Em Salvador é tempo de Arbítrio

Deolinda Vilhena
De Salvador (BA)


O elenco: Naia Alex, Laís, Laura e Yuri (Foto: Divulgação)

Não acredito em quem faz teatro e não vê teatro. Tenho dificuldade em entender como se pode sonhar em diretor, ator ou técnico sem ter curiosidade em ver o que seus contemporâneos fazem. Desde sempre, ao chegar numa cidade o que mais me interessa é a possibilidade de descobrir o teatro que é feito nela. E mesmo se, desde que cheguei a Salvador, pude ver muito menos coisas do que gostaria, ou do que necessita a minha curiosidade sem fim, tenho conseguido encontrar pistas interessantes.

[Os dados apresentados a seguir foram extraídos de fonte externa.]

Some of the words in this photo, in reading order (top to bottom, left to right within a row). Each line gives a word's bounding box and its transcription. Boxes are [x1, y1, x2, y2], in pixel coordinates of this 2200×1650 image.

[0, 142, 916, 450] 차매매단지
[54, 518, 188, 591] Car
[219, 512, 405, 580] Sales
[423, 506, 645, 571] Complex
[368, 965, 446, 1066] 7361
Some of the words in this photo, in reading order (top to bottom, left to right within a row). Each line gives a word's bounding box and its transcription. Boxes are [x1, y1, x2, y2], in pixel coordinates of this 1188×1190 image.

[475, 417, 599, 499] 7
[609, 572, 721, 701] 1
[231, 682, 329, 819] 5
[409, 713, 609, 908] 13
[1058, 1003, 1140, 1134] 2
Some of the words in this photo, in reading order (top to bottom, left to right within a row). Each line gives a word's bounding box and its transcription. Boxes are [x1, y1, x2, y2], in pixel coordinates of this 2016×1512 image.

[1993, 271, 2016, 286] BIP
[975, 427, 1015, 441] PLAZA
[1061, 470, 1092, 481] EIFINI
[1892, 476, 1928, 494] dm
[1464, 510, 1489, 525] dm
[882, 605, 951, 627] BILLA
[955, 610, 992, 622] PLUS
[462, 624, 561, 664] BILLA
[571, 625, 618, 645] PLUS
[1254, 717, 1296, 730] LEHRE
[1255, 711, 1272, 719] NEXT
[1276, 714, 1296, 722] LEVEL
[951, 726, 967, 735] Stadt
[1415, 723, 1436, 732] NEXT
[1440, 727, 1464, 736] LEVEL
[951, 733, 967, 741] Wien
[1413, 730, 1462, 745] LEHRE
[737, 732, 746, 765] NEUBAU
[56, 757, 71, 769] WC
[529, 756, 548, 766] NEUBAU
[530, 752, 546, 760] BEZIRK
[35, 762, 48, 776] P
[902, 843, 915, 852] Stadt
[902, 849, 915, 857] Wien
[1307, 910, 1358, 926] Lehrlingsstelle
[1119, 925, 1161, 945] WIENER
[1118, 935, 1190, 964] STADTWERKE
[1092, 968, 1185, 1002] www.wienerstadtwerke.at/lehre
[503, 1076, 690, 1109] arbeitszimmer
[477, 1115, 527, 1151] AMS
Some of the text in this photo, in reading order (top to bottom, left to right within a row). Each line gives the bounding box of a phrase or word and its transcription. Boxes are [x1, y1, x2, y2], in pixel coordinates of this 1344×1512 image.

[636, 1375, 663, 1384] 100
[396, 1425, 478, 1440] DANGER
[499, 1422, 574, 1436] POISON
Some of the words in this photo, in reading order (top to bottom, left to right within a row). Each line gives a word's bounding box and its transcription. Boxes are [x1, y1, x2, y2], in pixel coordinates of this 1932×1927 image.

Verdade que agora estou no celeiro do teatro baiano. Afinal, desde sua criação em 1956, a Escola de Teatro abastece a cena baiana. Para alegria de uns, tristeza de outros... Inúmeros papos de mesa de bar, brigas de fim de noite, entre os que são contra e os que são a favor da academia...na dúvida sugiro que, nessas horas, façam a opção pela Academia da Cachaça. Porque, cá pra nós, como é chato e ultrapassado esse papo. Principalmente, para quem, como eu, divide o teatro em dois: o bom e o ruim. O resto é conversa mole...papo de pseudo-intelectual...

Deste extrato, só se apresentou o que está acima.